Phrase grounding data:
---*---
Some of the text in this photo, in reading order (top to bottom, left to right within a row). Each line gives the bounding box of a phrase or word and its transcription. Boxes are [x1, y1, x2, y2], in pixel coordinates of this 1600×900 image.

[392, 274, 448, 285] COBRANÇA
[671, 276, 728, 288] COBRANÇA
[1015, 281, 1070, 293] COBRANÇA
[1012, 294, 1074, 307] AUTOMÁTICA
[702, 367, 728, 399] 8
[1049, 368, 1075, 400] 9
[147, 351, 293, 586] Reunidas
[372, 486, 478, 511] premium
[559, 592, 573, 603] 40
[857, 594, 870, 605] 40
---*---
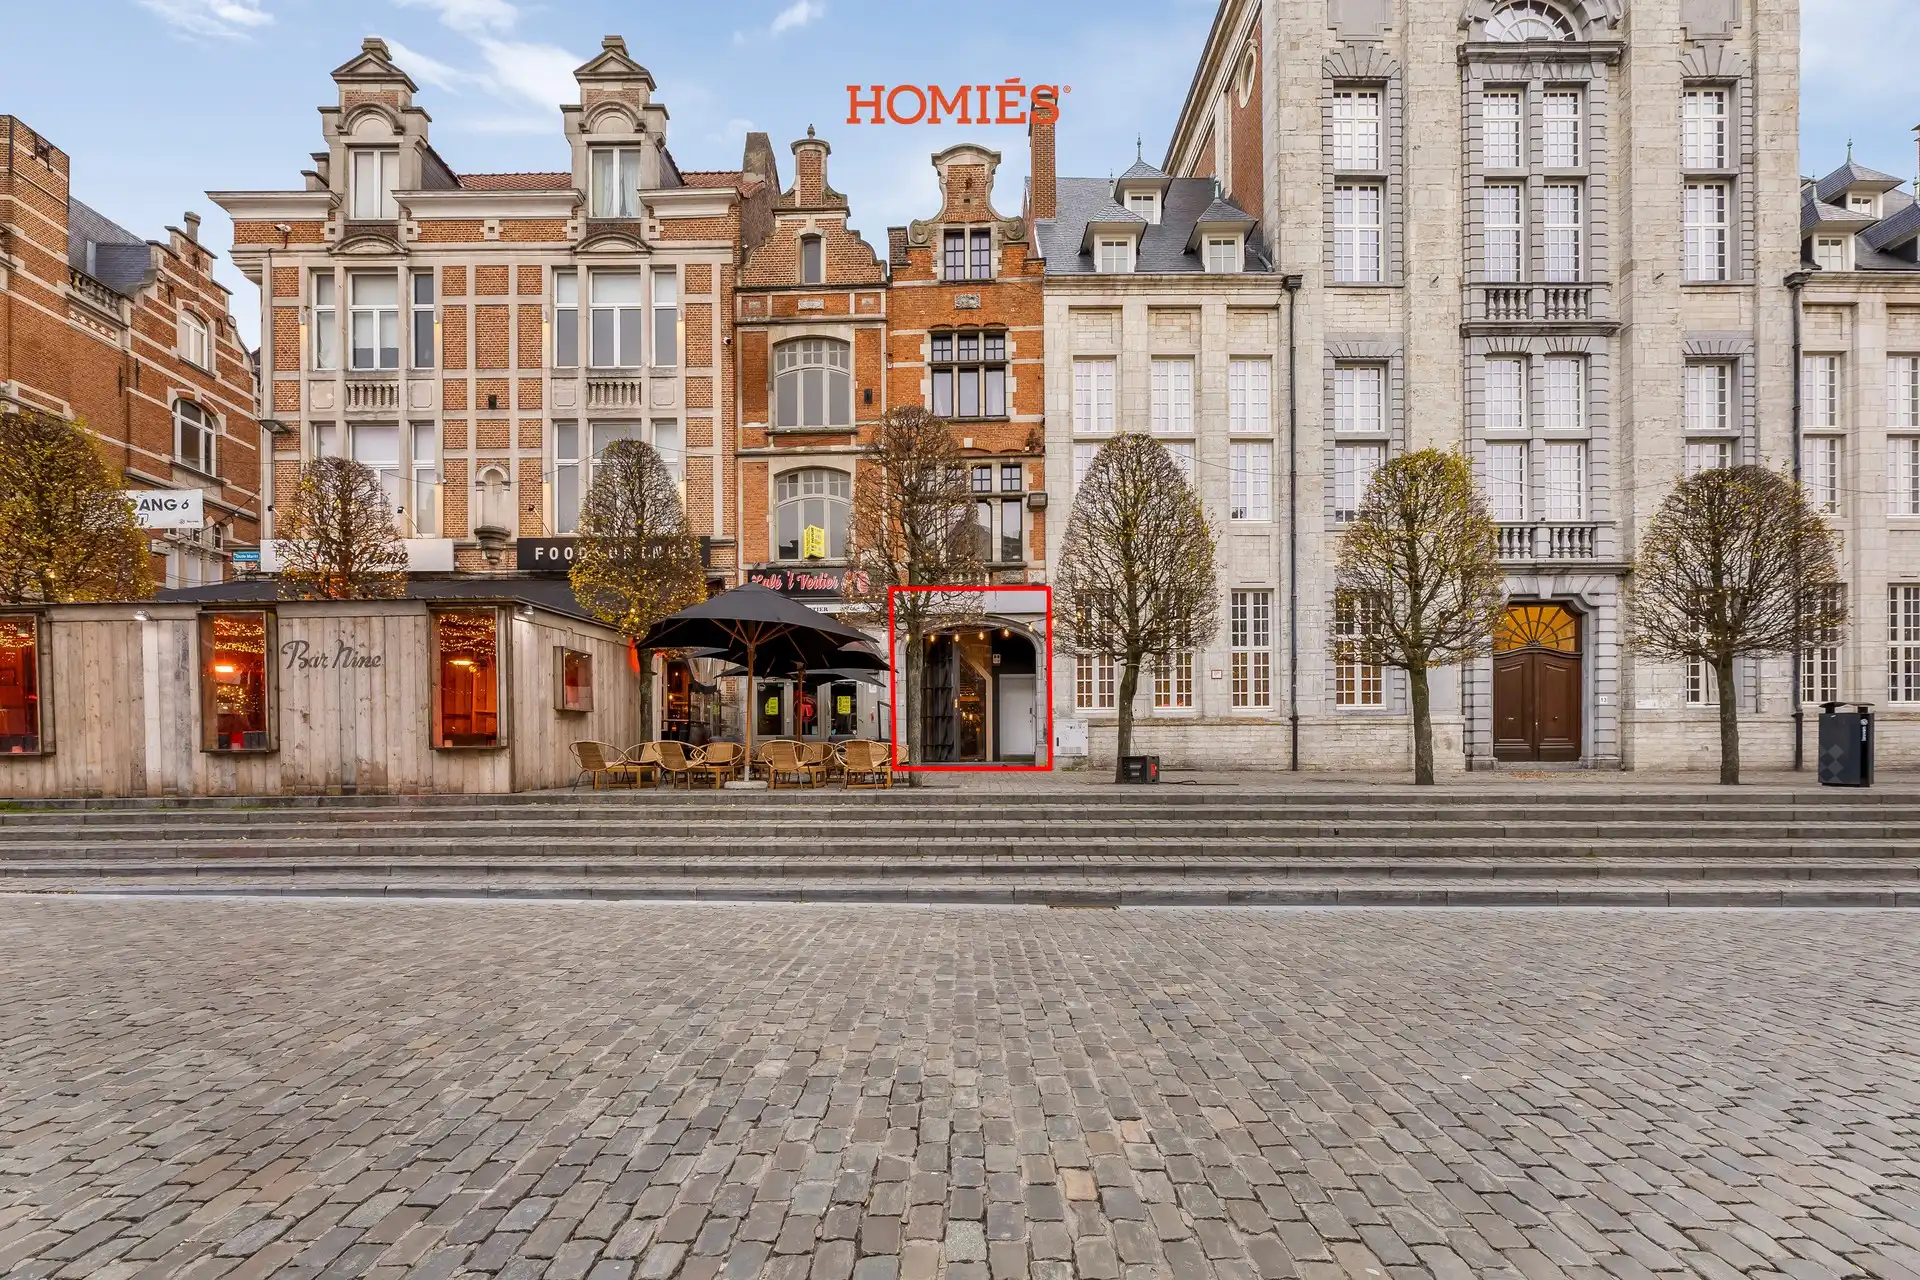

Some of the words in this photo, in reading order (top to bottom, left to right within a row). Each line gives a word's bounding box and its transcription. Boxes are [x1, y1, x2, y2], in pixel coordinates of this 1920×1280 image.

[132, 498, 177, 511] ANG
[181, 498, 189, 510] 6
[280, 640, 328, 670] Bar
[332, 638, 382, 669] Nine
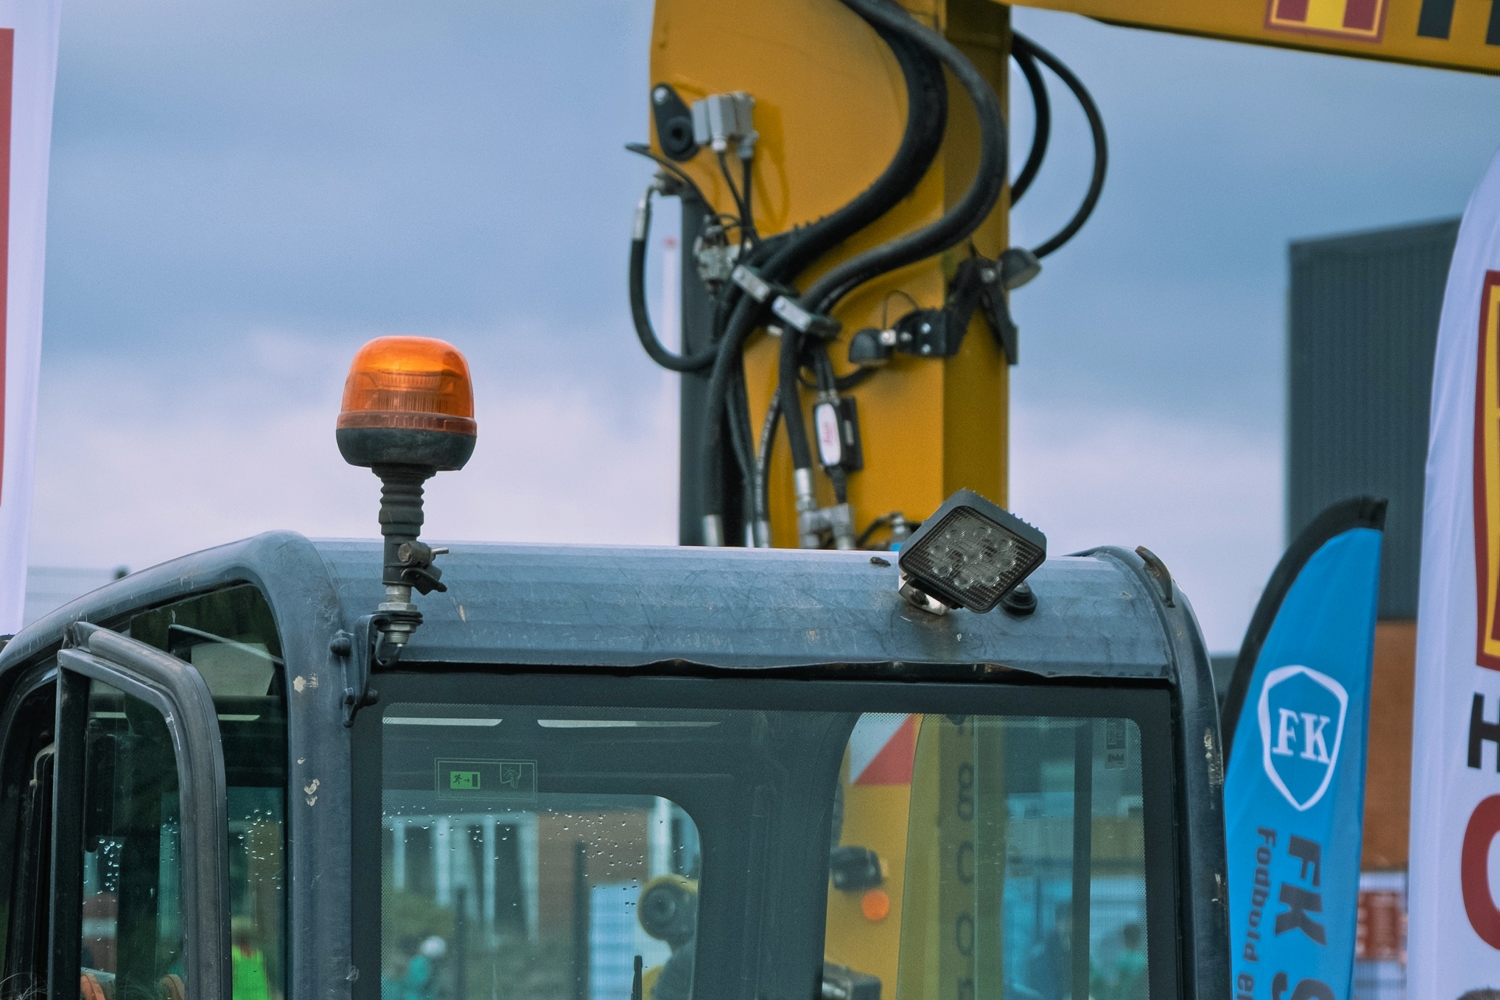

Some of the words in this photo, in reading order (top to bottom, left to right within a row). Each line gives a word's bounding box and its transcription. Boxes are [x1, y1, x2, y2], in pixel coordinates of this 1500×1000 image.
---*---
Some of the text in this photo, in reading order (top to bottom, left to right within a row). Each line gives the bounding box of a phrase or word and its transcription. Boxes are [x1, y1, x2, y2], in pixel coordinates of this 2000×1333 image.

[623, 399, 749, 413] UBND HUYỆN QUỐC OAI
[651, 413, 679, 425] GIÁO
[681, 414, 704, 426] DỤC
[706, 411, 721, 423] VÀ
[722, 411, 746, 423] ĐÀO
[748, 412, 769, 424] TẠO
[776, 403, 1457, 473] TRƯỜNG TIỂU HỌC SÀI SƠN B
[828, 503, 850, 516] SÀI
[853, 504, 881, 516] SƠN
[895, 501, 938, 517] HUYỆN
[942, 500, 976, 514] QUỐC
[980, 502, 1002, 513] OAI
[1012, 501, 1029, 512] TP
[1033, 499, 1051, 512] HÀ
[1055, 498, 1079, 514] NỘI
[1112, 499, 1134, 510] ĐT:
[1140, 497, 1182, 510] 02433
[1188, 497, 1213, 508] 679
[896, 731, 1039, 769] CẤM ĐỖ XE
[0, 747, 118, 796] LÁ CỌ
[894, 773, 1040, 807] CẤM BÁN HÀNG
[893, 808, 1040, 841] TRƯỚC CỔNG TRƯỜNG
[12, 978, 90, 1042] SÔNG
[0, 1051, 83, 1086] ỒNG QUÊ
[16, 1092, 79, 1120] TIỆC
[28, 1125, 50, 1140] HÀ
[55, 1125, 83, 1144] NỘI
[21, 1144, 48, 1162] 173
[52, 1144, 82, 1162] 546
---*---
▶ The task
Exact copy, no pictures. Write out the lines in the entries above, starting with the line with "this 1920×1280 image." and going on through the line with "this 1500×1000 image.", keeping both.

▶ Output for this exercise
Some of the words in this photo, in reading order (top to bottom, left to right within a row). Each line gives a word's bounding box and its transcription. Boxes are [x1, y1, x2, y2], in pixel coordinates of this 1920×1280 image.

[132, 498, 177, 511] ANG
[181, 498, 189, 510] 6
[280, 640, 328, 670] Bar
[332, 638, 382, 669] Nine

Some of the words in this photo, in reading order (top to bottom, left to right within a row). Each line gives a word's bounding box and its transcription. Boxes are [x1, y1, x2, y2], in pixel coordinates of this 1500×1000 image.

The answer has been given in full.